Trace analysis of therapeutic inertia and subsequent hemoglobin A1c outcomes in a 2-year cohort study.

2021 
OBJECTIVE Our understanding of therapeutic inertia in diabetes care is incomplete in terms of an assessment across a nationwide population. The key objectives of this investigation were to measure therapeutic inertia and link this phenomenon to the important surrogate outcome of hemoglobin A1c (HbA1c) control in a nationwide cohort. PATIENTS AND METHODS We performed a retrospective cohort study over 18 months. Laboratory and prescription data were collected for 41,948 patients (women: 53.1%) with diabetes who had at least two HbA1c results.
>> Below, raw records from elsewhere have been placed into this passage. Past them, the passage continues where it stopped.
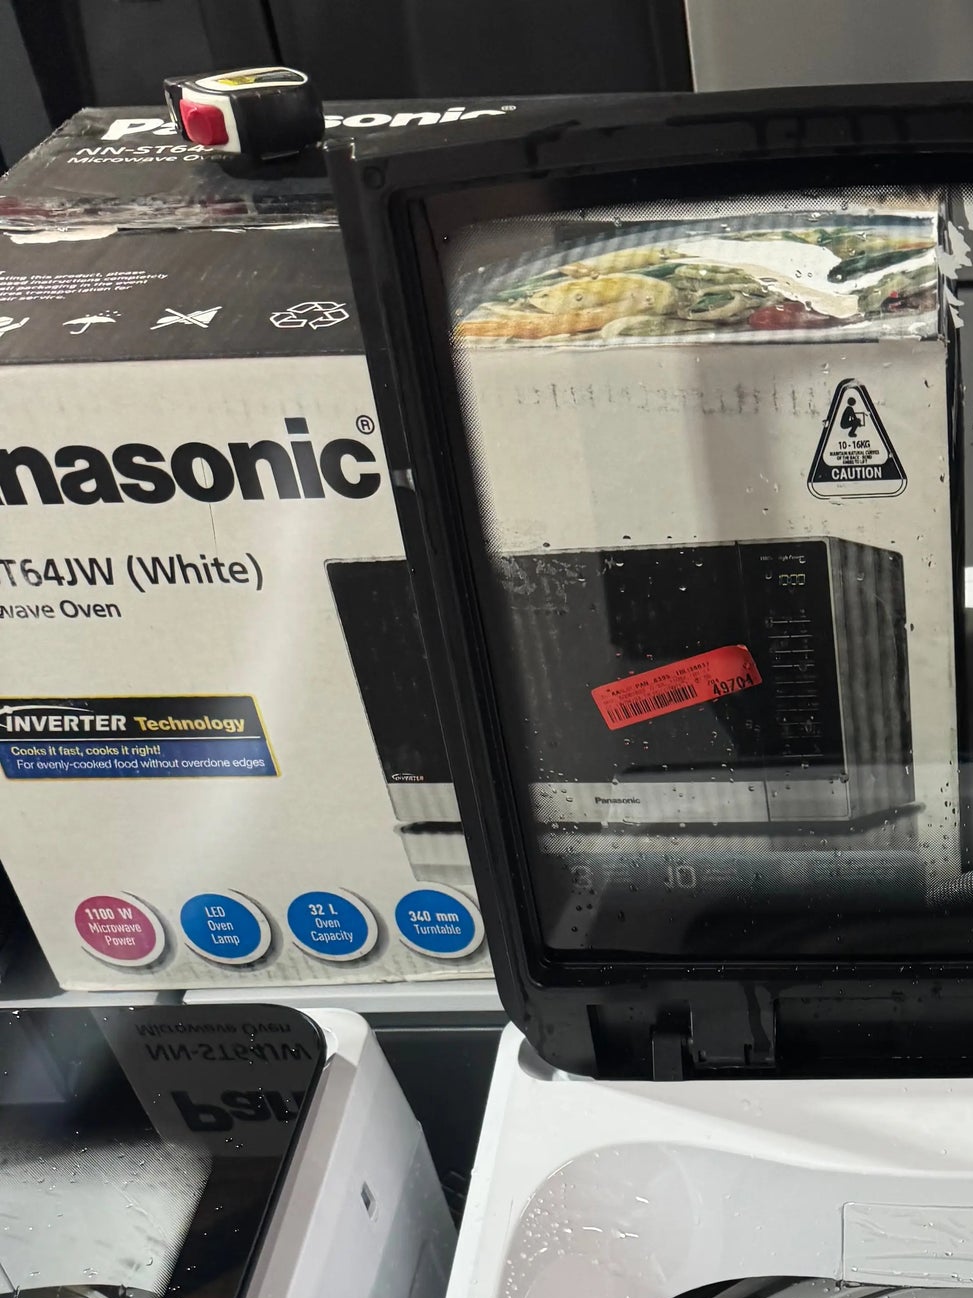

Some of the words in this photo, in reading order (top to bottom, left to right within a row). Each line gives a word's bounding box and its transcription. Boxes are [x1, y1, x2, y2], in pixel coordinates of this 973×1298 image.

[67, 155, 178, 164] Microwave
[832, 467, 882, 480] CAUTION
[127, 553, 263, 593] (White)
[60, 600, 121, 618] Oven
[6, 715, 126, 732] INVERTER
[133, 716, 245, 733] Technology
[11, 746, 46, 756] Cooks
[49, 746, 58, 755] it
[59, 746, 84, 757] fast,
[85, 745, 119, 755] cooks
[121, 745, 130, 755] it
[131, 745, 161, 756] right!
[17, 759, 34, 770] For
[114, 759, 139, 769] food
[142, 758, 180, 769] without
[181, 758, 230, 768] overdone
[232, 758, 265, 769] edges
[85, 908, 114, 920] 1100
[119, 908, 133, 920] W
[205, 906, 225, 918] LED
[309, 904, 324, 915] 32
[331, 904, 338, 915] L
[408, 911, 430, 922] 340
[436, 912, 459, 922] mm
[88, 922, 142, 934] Microwave
[207, 920, 234, 931] Oven
[315, 918, 340, 928] Oven
[414, 924, 461, 935] Turntable
[105, 935, 136, 946] Power
[211, 934, 240, 946] Lamp
[310, 931, 353, 943] Capacity
The association between treatment intensity and glycemic control, using the change in HbA1c during the observation period, and whether the HbA1c outcome was greater than 9% were examined. RESULTS Among the patients who exhibited a secondary HbA1c result exceeding 9%, 8,630 (78.26%) had undergone intensified therapy at the time of the index HbA1c measurement, and among these patients, the incidence ratio of the last HbA1c outcome exceeding 9% after 6 to 18 months was 0.779-fold (95% Cl 0.728 to 0.834) greater than those who had not received intensified therapy (p < .001). CONCLUSIONS After tracking patient data for a particular period, we found that patients with diabetes who received intensified therapy achieved surrogate outcomes of HbA1c control that were more favorable.